男は私の前に椅子をひいて座ると、いかにも不満そうな表情を浮かべながら話し始めた。
「お前の言い分を受け入れて、何があったのか説明しろと上官から指令があった。それで?お前はなにが知りたいんだ」
「上官?と、とにかく何があったのか説明してくれるんですね!?」
「あぁ、そうだよ。だが、その拘束は外してやれねぇ。時間がかかるしこっちの安全のためにも必要なんだよ」
「安全って何ですか?」
「それについても説明してやる。お前は聞くだけ聞いてりゃいいんだ」
私が何も言えないのに業を煮やした男は「分かったか!」と強くテーブルを叩いて威嚇してきた。私にとってもここまで来て機嫌を損ねるのは得策ではない。ここは従うことにした。

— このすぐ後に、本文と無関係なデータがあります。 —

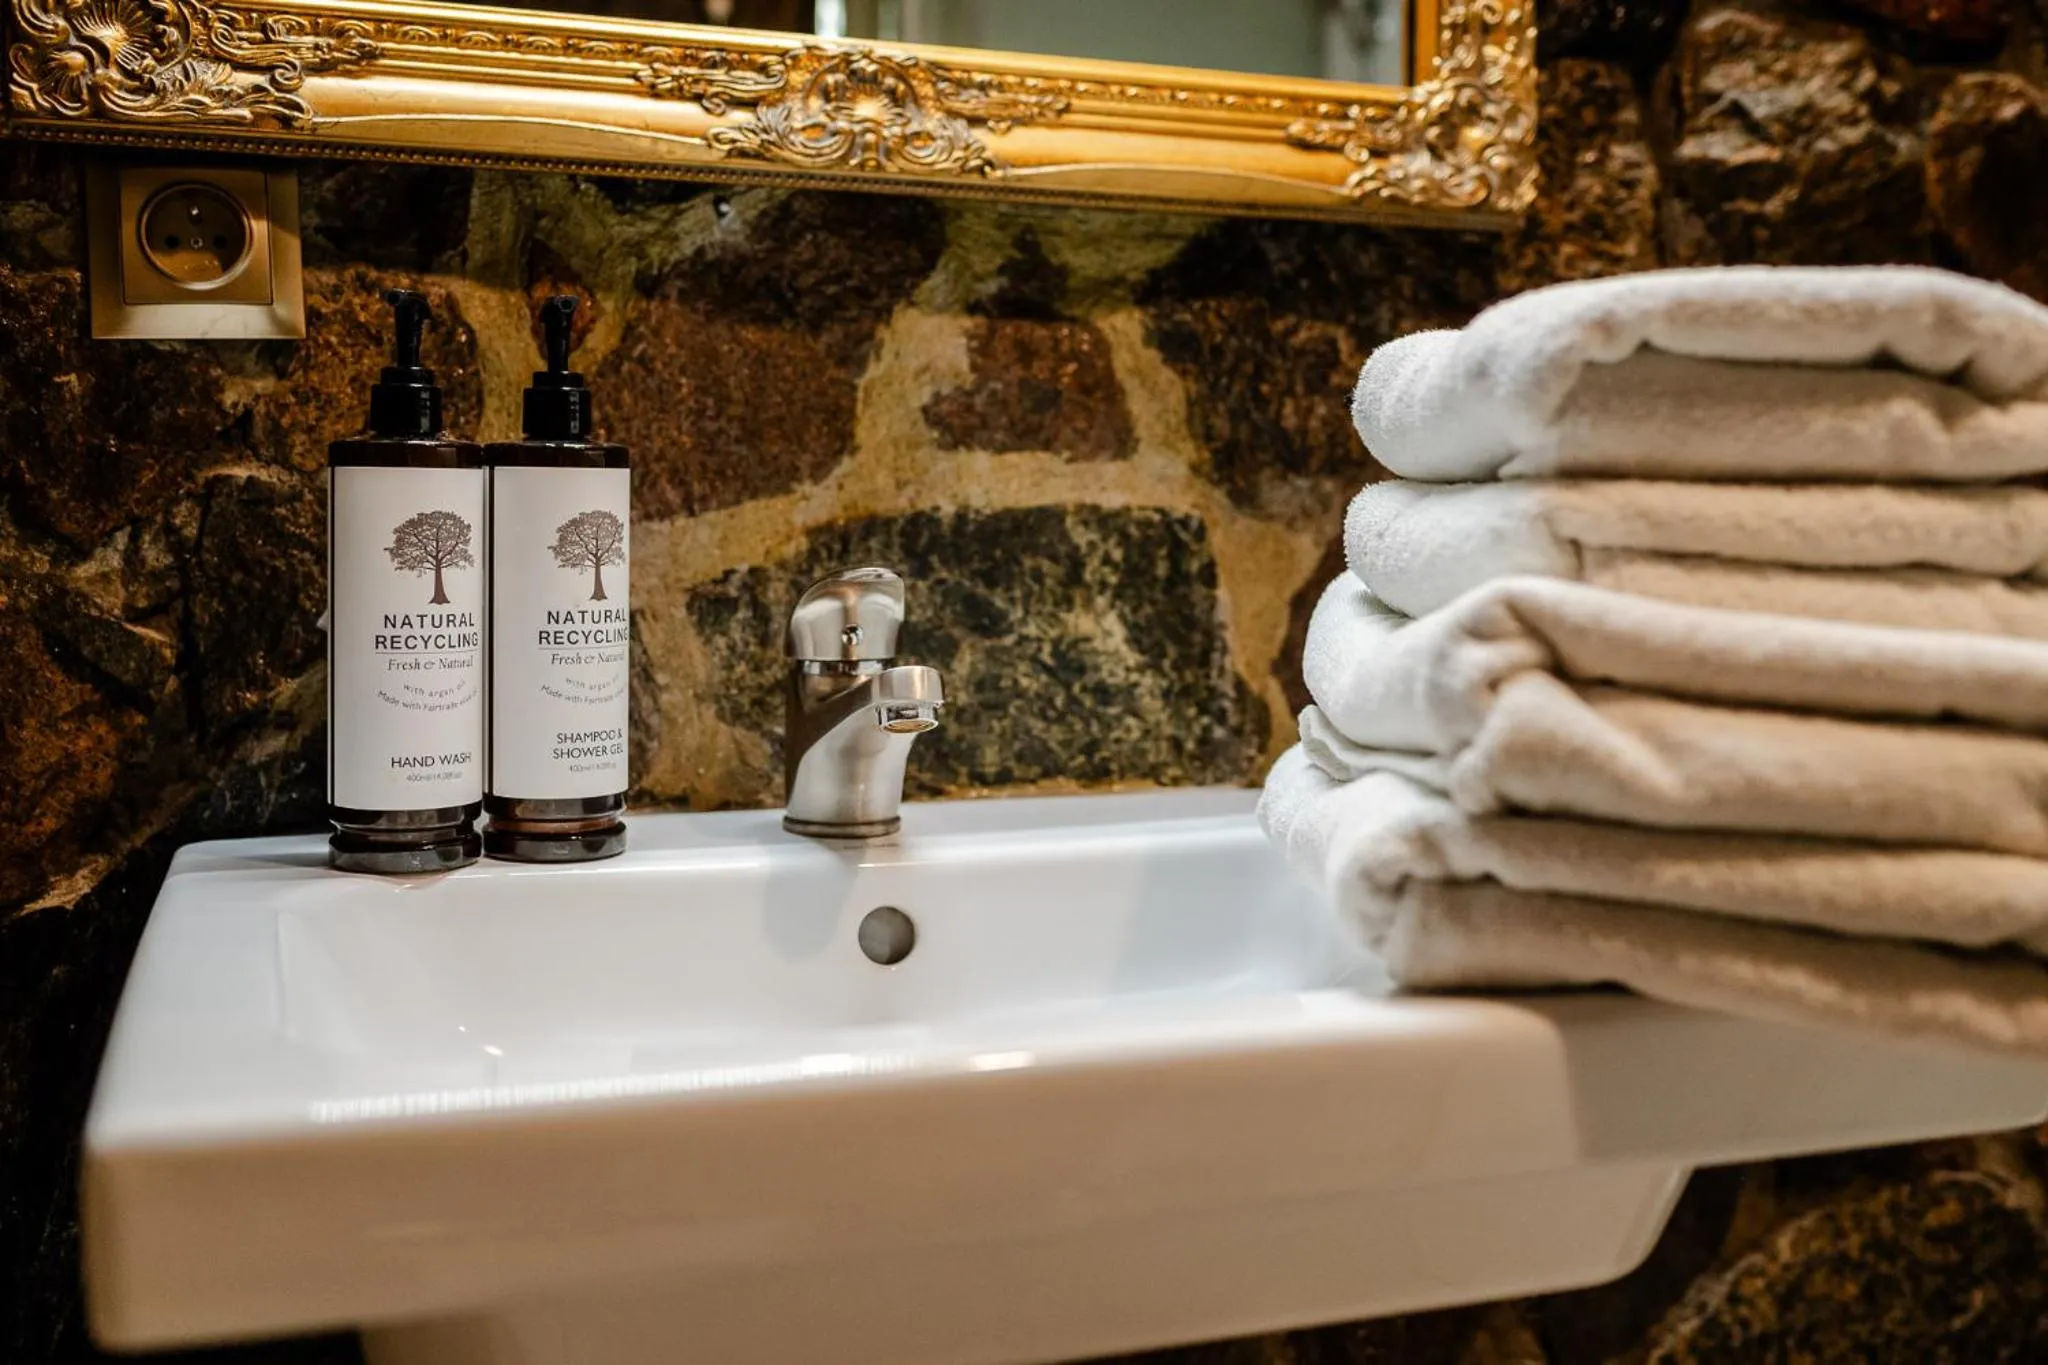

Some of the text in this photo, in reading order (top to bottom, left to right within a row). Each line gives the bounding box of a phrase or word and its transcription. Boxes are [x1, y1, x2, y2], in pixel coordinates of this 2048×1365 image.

[383, 612, 475, 629] NATURAL
[547, 608, 627, 625] NATURAL
[375, 632, 479, 650] RECYCLING
[538, 626, 628, 645] RECYCLING
[387, 657, 420, 671] Fresh
[438, 654, 474, 670] Natural
[550, 651, 582, 665] Fresh
[556, 728, 616, 745] SHAMPOO
[391, 751, 472, 768] HAND WASH
[552, 744, 609, 760] SHOWER
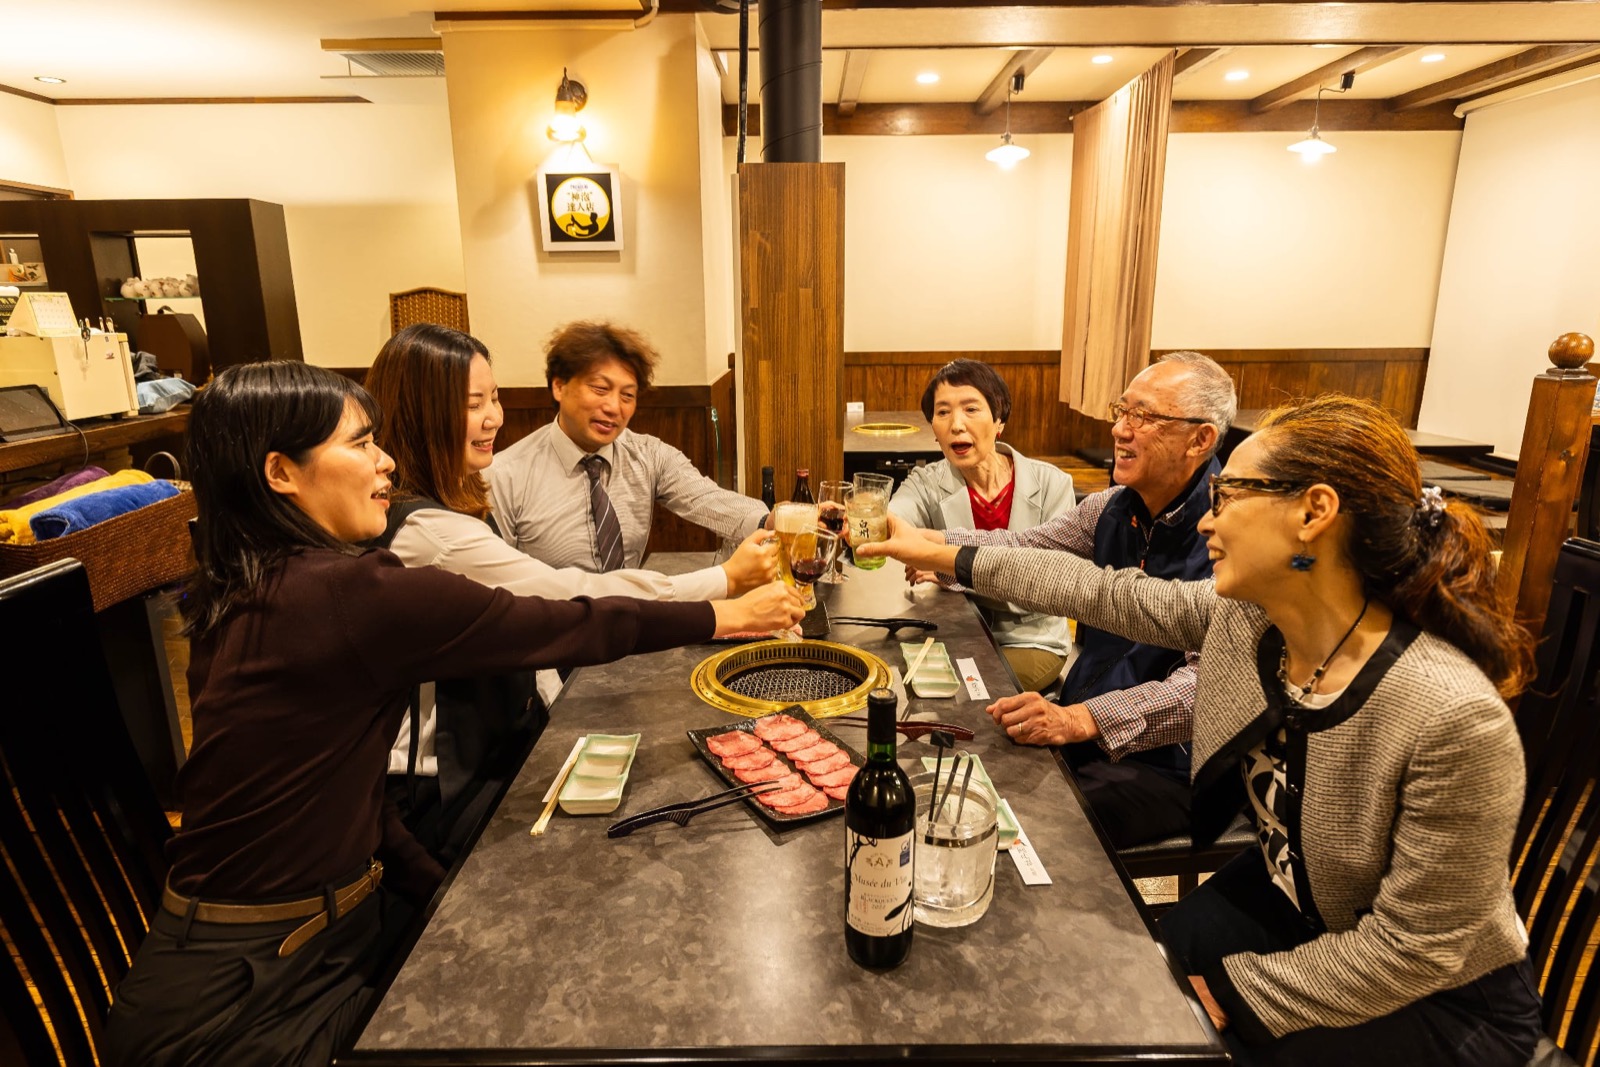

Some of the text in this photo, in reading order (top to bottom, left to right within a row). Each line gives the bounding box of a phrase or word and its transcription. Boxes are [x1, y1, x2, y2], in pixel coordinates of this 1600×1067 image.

男は一度何かを確認するように背後の暗闇を振り向いてため息をついた。
「俺はオススメしないぞ、お前がしようとしていることは」
「今更なにを言ってるんですか」
「いいから聞け。これから俺が話そうとしていることは第三者である俺からしても気分のいいものじゃなかった。その当事者であるお前がなにがあったのか知ったときどれ程の心理的なショックを受けるか、専門家じゃねぇ俺にはさっぱりだ。それでも知りたいってのか?」
「・・・・・・」
私は言葉に詰まってしまう。目の前の男の表情が見えていることが逆に私の心に問うてくるのだ。
本当に知る覚悟があるのか。と
私は本当にその真実を知る覚悟があるのだろうか。分からない。
しかし、分からないままでいる方が怖い。そう思うのだ。
だから私は、固く閉ざされた口を開きその覚悟を示すことにした。
「それでも、知りたいのです。なにがあったのか」
「分かった」
男はそれ以上止めようとはせず、ゆっくりと語りだしたのだった。